The expedition also brought with it a real sense of mindfulness. You find a new you and it helps to re-build confidence that you take back into everyday life. It gives you the ability to build strength of being in the moment, which can be a real struggle for those with PTSD.”
Alongside regular counselling sessions, the Pilgrim Bandits’ Curtis Palmer Programme has helped Emily to gain the confidence she needs to continue her career in the Police Force and now she helps others battling mental health issues.
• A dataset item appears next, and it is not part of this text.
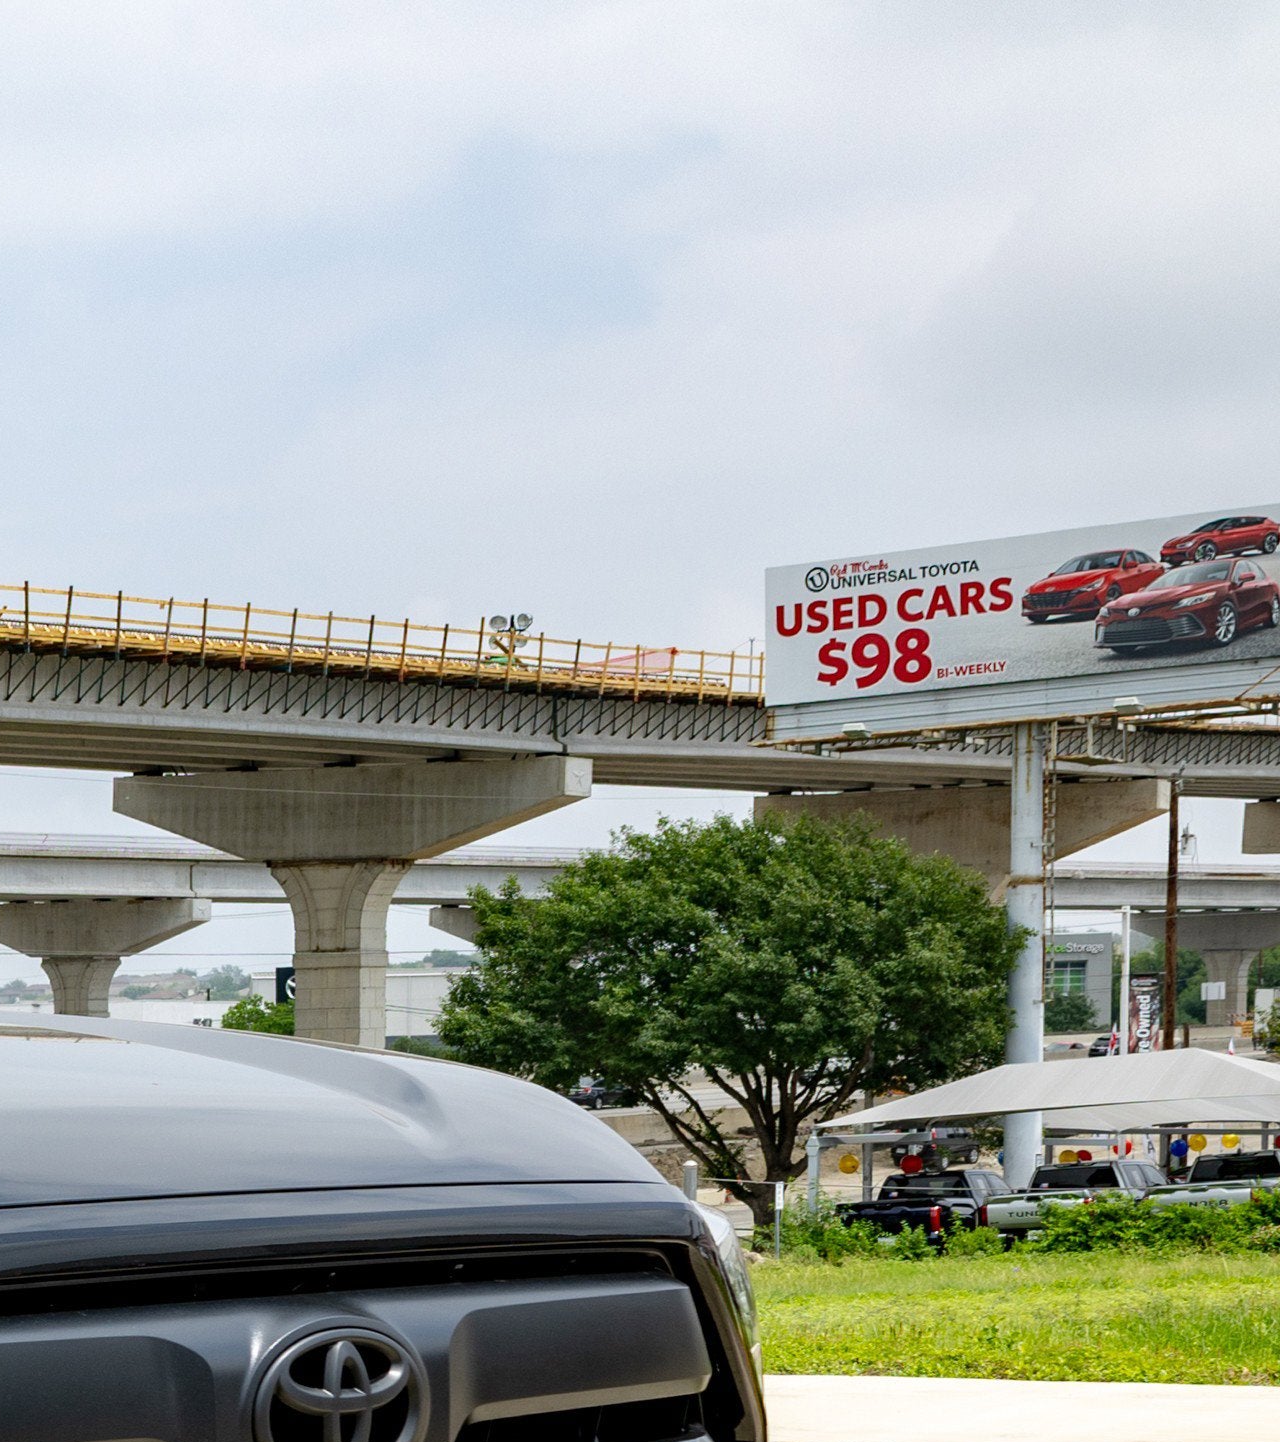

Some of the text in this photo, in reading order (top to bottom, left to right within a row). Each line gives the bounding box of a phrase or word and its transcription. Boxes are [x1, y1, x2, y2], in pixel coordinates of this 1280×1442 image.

[831, 560, 980, 590] UNIVERSAL TOYOTA
[776, 576, 1014, 637] USED CARS
[817, 628, 1007, 689] $98 BI-WEEKLY
[1136, 994, 1151, 1038] Owned
“I’ve now got a new job as Staff Officer to an Assistant Chief Constable and I’m really enjoying work. At Thames Valley Police, I feel we are very progressive – there’s been a big change in the support now available to Officers. It’s about giving staff the tools of how to recognise that there will be experiences you encounter where you will be scared, but it’s how you calm down and how you manage that.
“I’m now training to coach others, I’ve done training in Psychology, understanding behaviours. I’ve also done a course on health and safety in the water, so I’m now able to help others to join in these weekends. I’m helping Damien to identify those that need help, doing referrals and working with the force to review how we can support Pilgrim Bandits. The shared understanding with those involved in Pilgrim Bandits’ Curtis Palmer Programme is really quite unique, which is why I’m so passionate about it. PTSD is recoverable. Our aim is to help people with PTSD to become their new best selves.”
Her advice to others with PTSD who are considering joining the programme?
“Firstly, you’re not alone and you haven’t done anything wrong. Come along to a training weekend, be brave and give it a go. You will enjoy it and you will feel supported.”